Muscle Physiology

The smallest contractile unit in muscle tissue is the sarcomere. Myofibrils are made up of many sarcomeres attached end-to-end at a series of dark lines (hence the term "striated") called Z lines. Each sarcomere contains actin and myosin filaments, which pull together during contraction to shorten the sarcomere.

Cardiac muscle cells are striated, branching cells that are linked by structures called intercalated discs. These discs are composed of gap junctions, which allow the free passage of electrical signaling between heart cells, and very strong attachment points called desmosomes.

During a muscle cell action potential, calcium enters the cell via t-tubules, which are specialized invaginations of the sarcoplasmic reticulum. Calcium binds with troponin, which pulls the tropomyosin strand away from actin binding sites and allows myosin heads to bind. Neither sodium nor potassium bind to troponin, and ATP and ADP both bind to myosin, rather than troponin.
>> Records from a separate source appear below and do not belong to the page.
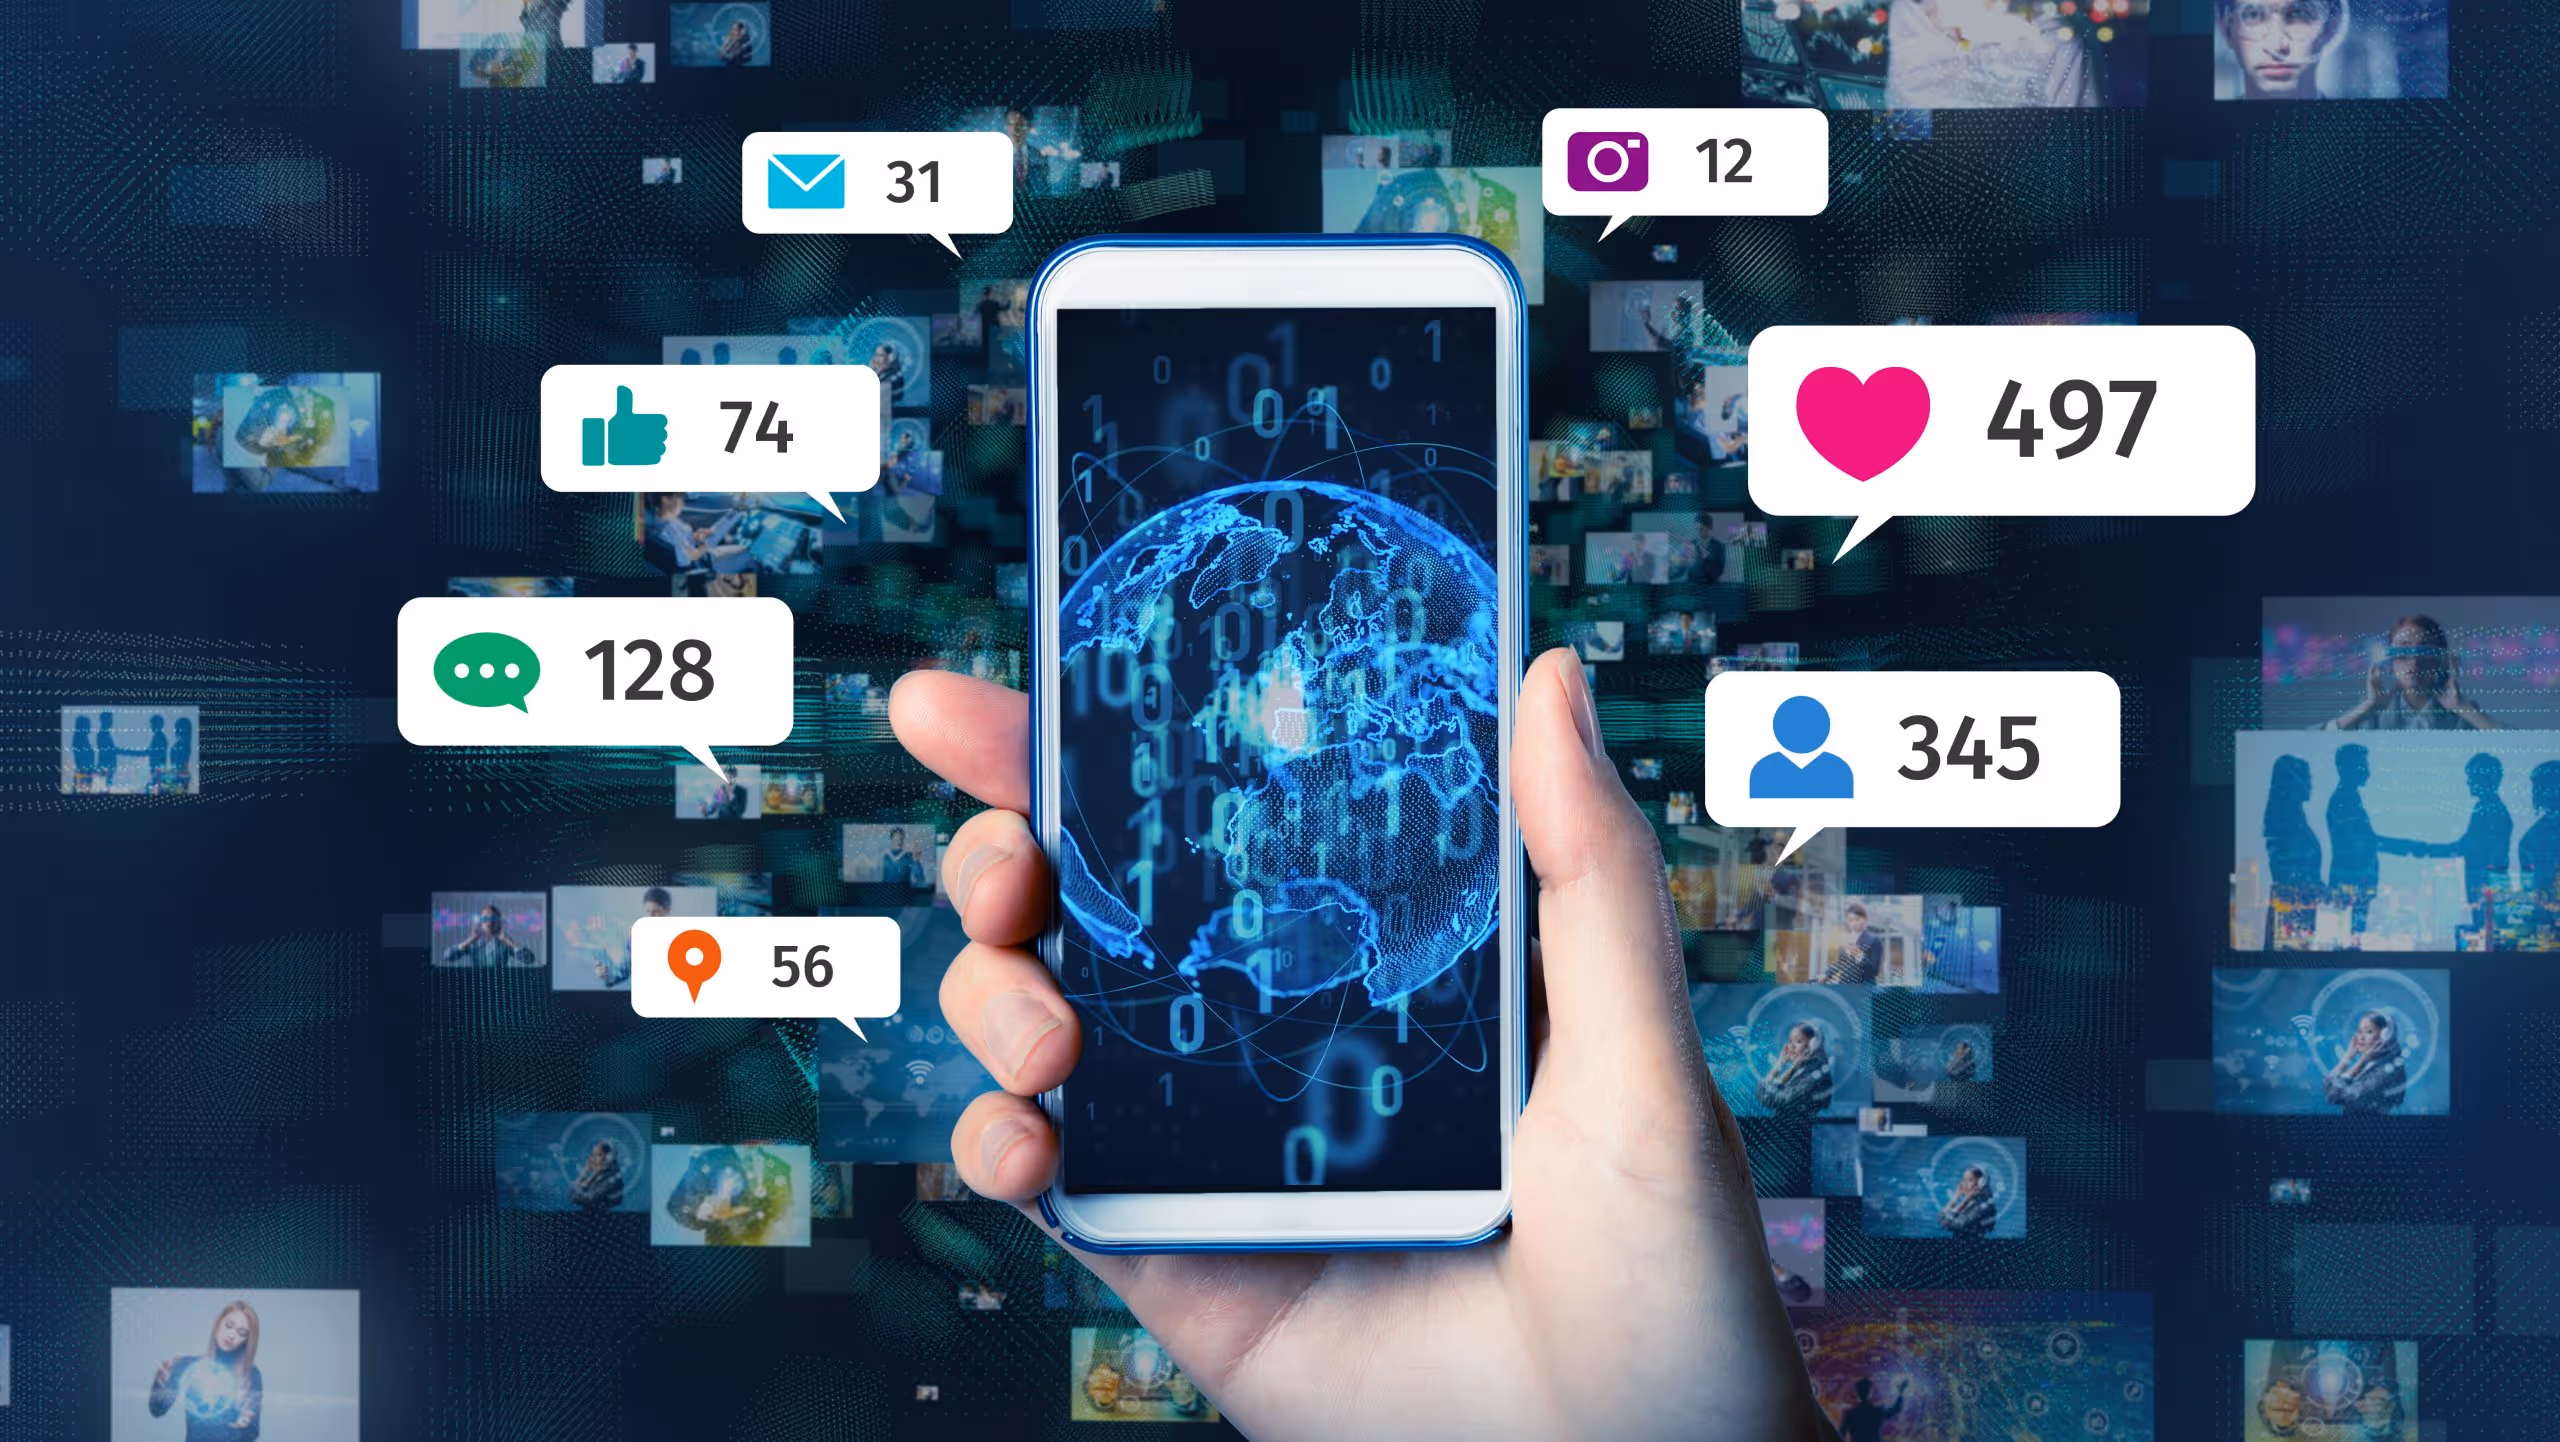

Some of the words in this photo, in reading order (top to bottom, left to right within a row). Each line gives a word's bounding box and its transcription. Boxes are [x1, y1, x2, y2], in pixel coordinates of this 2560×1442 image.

[1424, 320, 1441, 362] 1
[1154, 355, 1171, 384] 0
[1370, 357, 1392, 391] 0
[1253, 388, 1283, 438] 0
[1195, 436, 1210, 460] 0
[1425, 447, 1437, 467] 0
[1078, 469, 1092, 502] 1
[1063, 535, 1088, 576] 0
[1127, 860, 1153, 926] 1
[1233, 889, 1263, 938] 0
[1170, 995, 1205, 1052] 0
[1159, 1072, 1173, 1106] 1
[1372, 1066, 1403, 1117] 0
[1284, 1125, 1326, 1185] 0
The A band in the sarcomere is created by the bipolar myosin filaments, joined at the M band. During contraction, the heads of the myosin filaments bind with the actin filament and pull it toward the M band at the center of the sarcomere. The myosin filaments do not themselves change length, and because of that the width of the A band does not change during contraction.

The individual contractile unit of a muscle fibril is referred to as the sarcomere. These units are made of actin and myosin filaments and joined by Z-lines. The sliding filament theory refers to the idea that muscle contraction is the result of myosin strands within the fibril pulling themselves along actin strands similar to pulling on a rope, which shortens the whole sarcomere. The sarcolemma is the specialized cell membrane around the muscle fibril, and the sarcoplasmic reticulum is the smooth endoplasmic reticulum found within the muscle cell.
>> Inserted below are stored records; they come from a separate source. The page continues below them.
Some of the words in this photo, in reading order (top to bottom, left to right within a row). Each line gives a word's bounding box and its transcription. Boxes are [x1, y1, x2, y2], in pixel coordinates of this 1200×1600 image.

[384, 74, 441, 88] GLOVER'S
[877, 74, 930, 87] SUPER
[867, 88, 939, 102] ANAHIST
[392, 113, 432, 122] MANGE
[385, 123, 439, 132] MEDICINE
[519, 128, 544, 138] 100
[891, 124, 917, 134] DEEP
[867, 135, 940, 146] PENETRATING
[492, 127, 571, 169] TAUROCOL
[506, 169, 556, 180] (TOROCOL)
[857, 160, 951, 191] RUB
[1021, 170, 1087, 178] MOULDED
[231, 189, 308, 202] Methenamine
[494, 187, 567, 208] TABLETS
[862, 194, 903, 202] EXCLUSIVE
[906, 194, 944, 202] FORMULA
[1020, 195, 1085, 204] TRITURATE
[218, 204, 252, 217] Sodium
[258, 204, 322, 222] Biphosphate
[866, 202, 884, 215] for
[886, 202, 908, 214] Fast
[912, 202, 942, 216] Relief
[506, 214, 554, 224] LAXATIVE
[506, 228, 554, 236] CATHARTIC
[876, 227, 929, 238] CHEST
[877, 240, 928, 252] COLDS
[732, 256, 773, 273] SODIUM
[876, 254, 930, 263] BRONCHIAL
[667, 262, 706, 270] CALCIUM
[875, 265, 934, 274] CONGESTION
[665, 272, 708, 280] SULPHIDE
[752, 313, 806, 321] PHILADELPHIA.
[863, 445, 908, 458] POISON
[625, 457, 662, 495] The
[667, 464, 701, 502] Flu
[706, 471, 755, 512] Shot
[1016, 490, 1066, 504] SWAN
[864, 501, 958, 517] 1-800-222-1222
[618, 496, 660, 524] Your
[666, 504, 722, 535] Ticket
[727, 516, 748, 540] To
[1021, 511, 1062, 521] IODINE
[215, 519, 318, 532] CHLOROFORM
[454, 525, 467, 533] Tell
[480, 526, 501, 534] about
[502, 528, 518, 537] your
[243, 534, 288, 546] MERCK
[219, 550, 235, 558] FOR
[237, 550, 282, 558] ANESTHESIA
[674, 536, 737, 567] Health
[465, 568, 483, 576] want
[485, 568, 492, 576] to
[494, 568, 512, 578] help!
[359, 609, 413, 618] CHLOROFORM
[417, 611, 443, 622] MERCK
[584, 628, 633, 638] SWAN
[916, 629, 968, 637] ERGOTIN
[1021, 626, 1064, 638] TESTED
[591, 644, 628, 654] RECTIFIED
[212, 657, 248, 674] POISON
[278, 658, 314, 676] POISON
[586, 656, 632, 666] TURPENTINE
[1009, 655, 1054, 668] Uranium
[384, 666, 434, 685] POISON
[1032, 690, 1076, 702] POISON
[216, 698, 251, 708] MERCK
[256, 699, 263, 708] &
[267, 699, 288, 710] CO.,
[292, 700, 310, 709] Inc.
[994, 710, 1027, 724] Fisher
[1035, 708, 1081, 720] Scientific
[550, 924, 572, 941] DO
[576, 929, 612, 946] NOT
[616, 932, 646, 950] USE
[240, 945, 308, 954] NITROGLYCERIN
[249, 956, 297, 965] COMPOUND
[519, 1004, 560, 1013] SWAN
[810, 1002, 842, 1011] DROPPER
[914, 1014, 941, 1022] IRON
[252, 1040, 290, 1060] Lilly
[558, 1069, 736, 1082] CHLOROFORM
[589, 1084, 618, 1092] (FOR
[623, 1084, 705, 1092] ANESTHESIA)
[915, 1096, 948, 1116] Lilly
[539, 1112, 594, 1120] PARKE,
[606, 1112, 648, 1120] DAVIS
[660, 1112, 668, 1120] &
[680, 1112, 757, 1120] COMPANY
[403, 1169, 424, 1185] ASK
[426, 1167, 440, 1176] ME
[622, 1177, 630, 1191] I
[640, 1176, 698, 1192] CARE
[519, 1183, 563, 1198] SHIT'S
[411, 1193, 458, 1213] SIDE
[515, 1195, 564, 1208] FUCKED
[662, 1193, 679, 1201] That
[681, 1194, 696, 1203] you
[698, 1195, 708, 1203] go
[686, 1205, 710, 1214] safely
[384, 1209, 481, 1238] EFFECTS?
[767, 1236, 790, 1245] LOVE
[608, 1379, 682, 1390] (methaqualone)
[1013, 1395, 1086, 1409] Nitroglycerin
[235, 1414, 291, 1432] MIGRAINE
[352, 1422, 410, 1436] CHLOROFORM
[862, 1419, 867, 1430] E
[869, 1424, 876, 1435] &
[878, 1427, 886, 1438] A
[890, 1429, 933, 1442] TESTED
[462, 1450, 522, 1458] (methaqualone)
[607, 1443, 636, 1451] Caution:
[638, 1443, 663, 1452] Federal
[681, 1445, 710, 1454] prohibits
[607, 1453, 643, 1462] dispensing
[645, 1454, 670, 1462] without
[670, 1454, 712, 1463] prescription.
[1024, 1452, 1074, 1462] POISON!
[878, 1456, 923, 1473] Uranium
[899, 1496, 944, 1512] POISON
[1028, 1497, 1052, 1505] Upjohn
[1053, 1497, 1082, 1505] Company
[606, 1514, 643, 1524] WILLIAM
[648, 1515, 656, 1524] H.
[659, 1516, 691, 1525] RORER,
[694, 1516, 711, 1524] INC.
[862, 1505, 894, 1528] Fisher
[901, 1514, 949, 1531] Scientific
According to the sliding filament theory of muscle contraction, ATP binds to the myosin head and is hydrolyzed to ADP and inorganic phosphate. The energy released during this change draws the myosin head back into a high energy state, from which it is able to bind with actin and execute its "power stroke," leading to muscle contraction. ADP and inorganic phosphate then are released from the myosin head and replaced by a new molecule of ATP, which allows the myosin head to detach from the actin binding site.

The only type of muscle that is not striated is smooth muscle. Smooth muscle does not use sarcomeres for contraction - rather, each muscle cell is a spindle that is covered in a mesh of contractile fibrils. These fibrils contract in unison when calcium enters the cell.

The muscle body is encased in a fibrous elastic sheath called the epimysium (epi meaning on or above and mys meaning muscle). It is composed of dense irregular connective tissue and is continuous with tendon fibers. The perimysium surrounds muscle fascicles, while the endomysium surrounds muscle fibers.

The sliding filament theory of muscle contraction involves the myosin head attaching to actin and then pulling during the power stroke. Troponin is a protein attached to tropomyosin, a thin strand wrapping around the actin filament. When calcium enters the cell, troponin moves toward it, pulling the tropomyosin strand away from actin binding sites and allowing the myosin head to bind.

Muscle cells have a specialized endoplasmic reticulum called the sarcoplasmic reticulum. The sarcoplasmic reticulum regulates the calcium ion concentration in the cytoplasm of striated muscle cells, and so plays a significant role in muscle contraction and relaxation. The T-tubule is a specialized invagination of the sarcoplasmic reticulum, and the sarcomere is the single contractile unit of a muscle fibril. There is no muscle structure called the mycoplasmic reticulum.